═══ DATASET RECORDS ═══
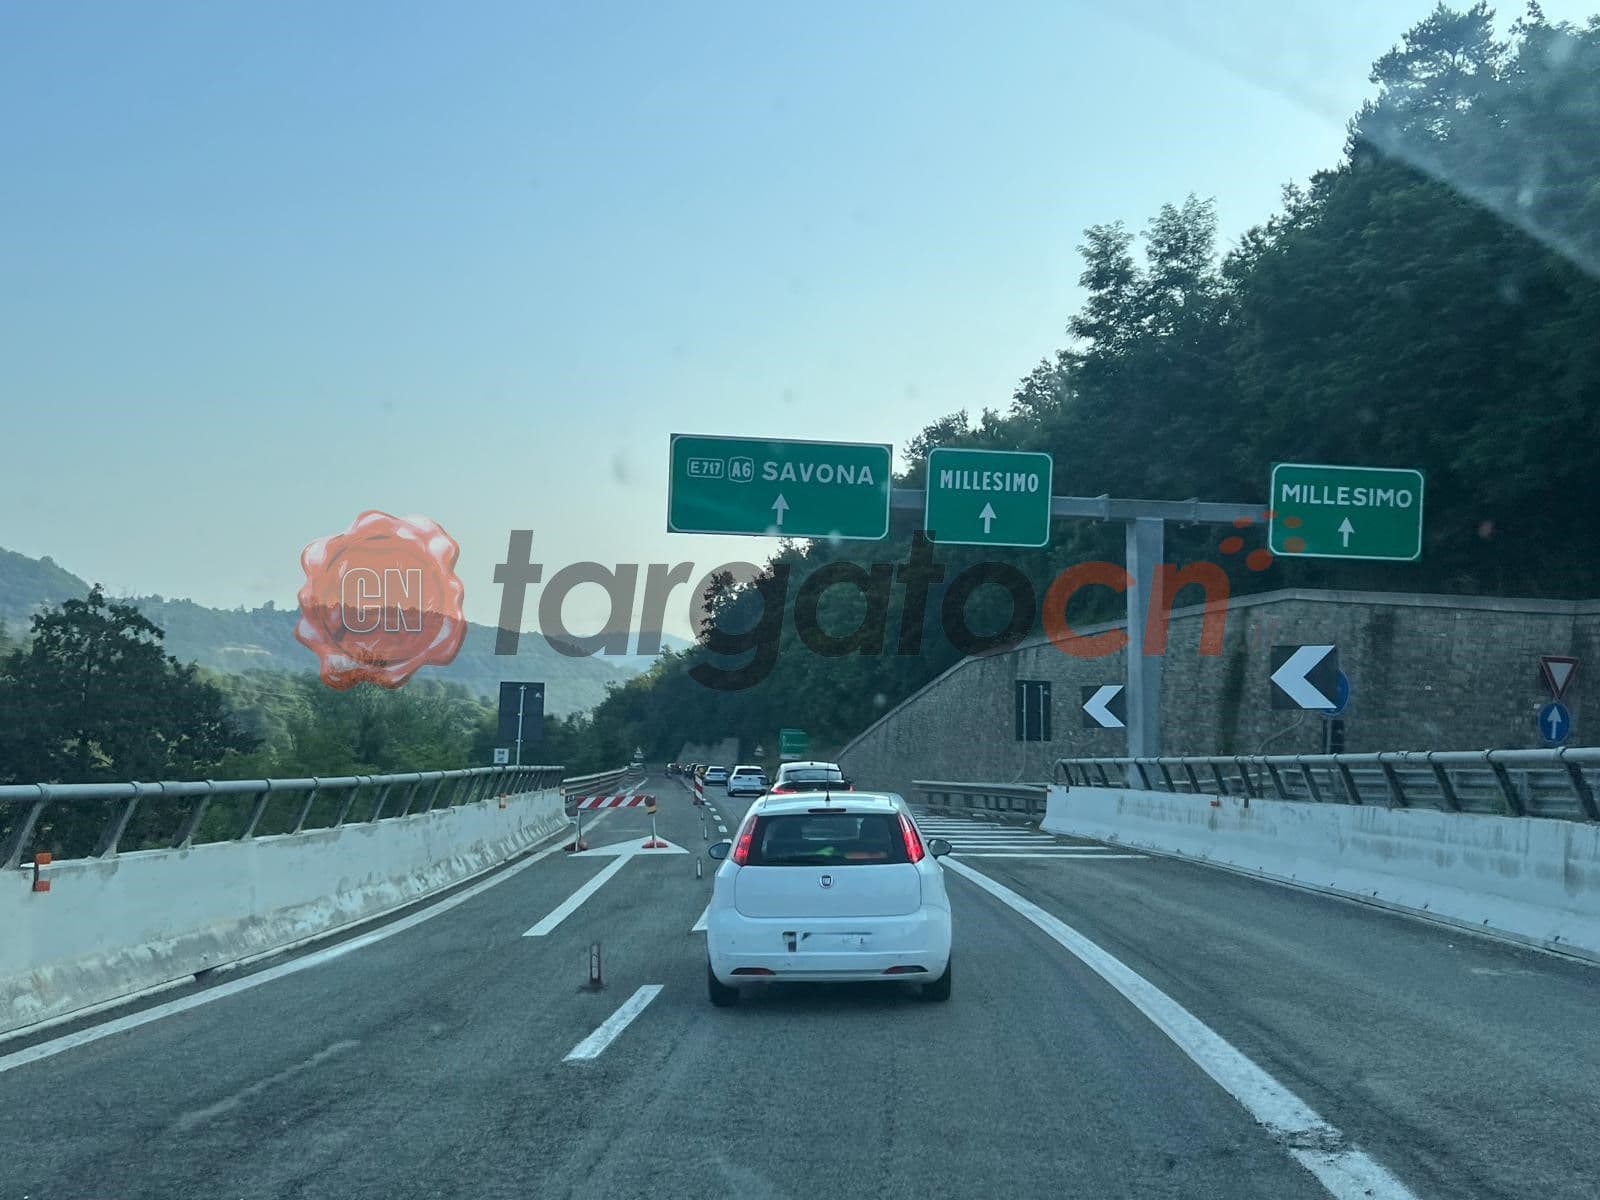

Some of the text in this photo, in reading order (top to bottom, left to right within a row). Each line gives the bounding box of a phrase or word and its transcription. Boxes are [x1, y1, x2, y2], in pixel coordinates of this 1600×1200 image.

[731, 461, 751, 478] A6
[762, 461, 874, 485] SAVONA
[939, 469, 1039, 493] MILLESIMO
[1281, 484, 1413, 508] MILLESIMO
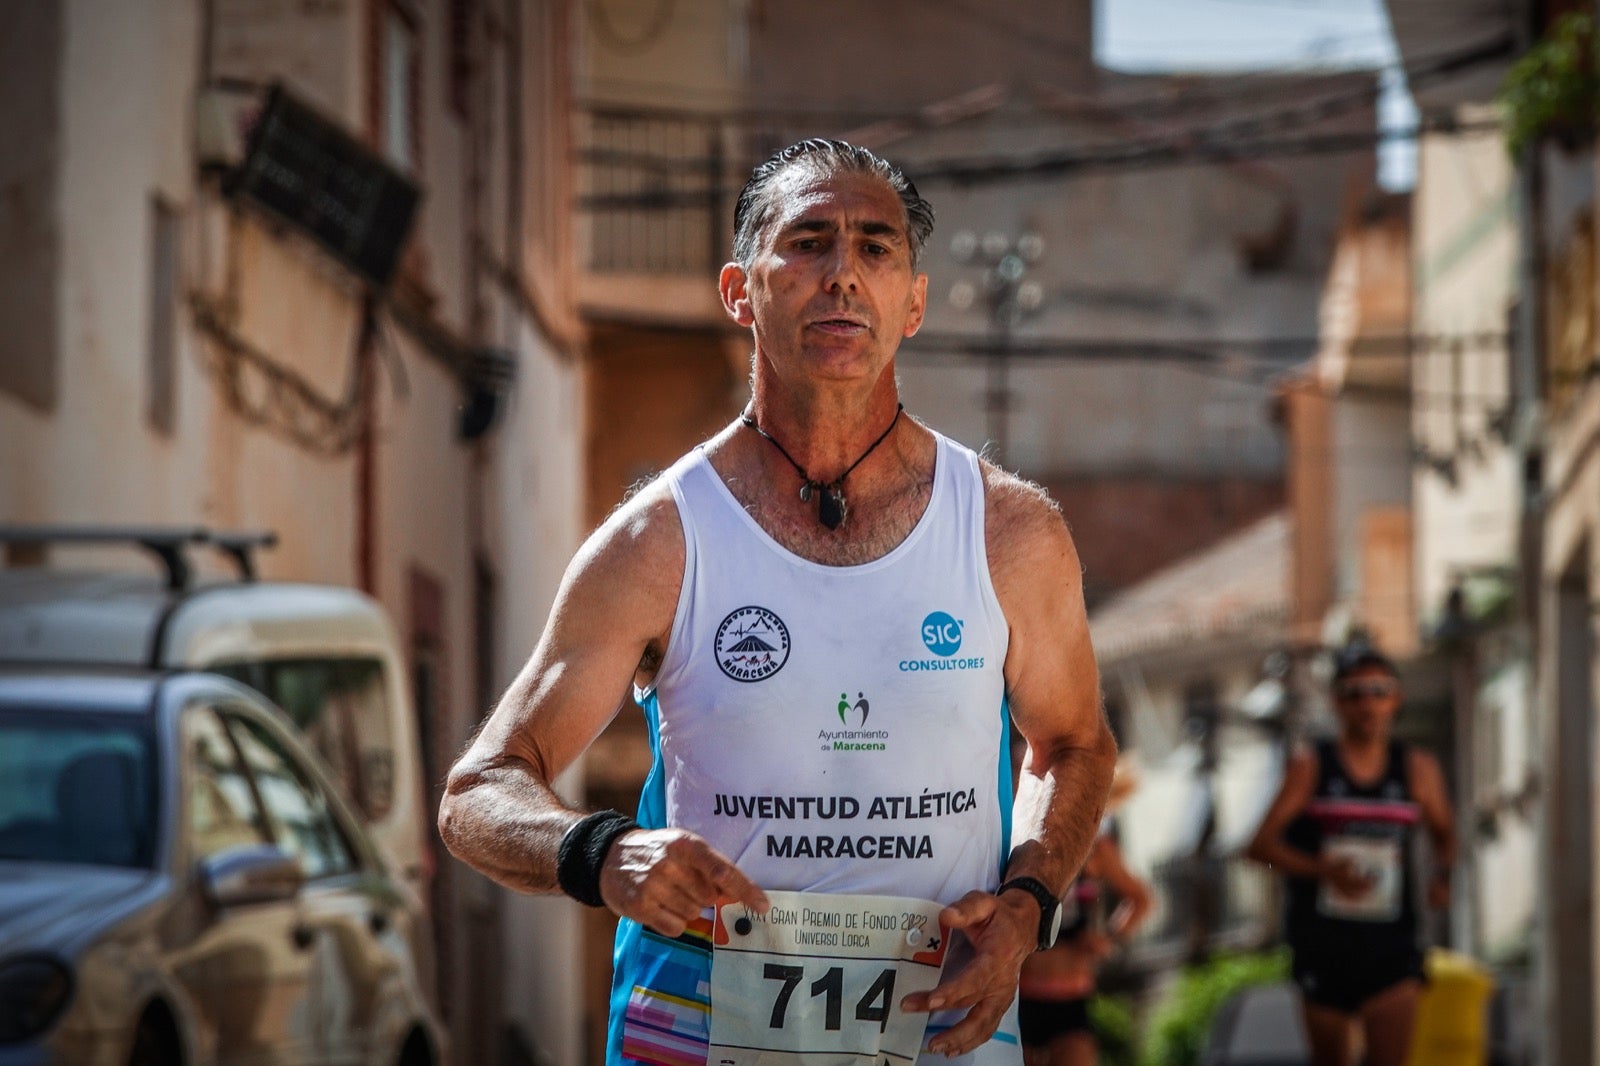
═══
EXERCISE BRIEF
Give the entries again exactly. Pictures stay out.

EXPECTED ANSWER
Some of the text in this photo, in reading order (top to bottom, left to right within a row). Each line gives the bounding box of a phrase or word and its transcription. Boxes are [x1, y1, x2, y2], in pixel coordinates of this 1600×1200 image.

[731, 461, 751, 478] A6
[762, 461, 874, 485] SAVONA
[939, 469, 1039, 493] MILLESIMO
[1281, 484, 1413, 508] MILLESIMO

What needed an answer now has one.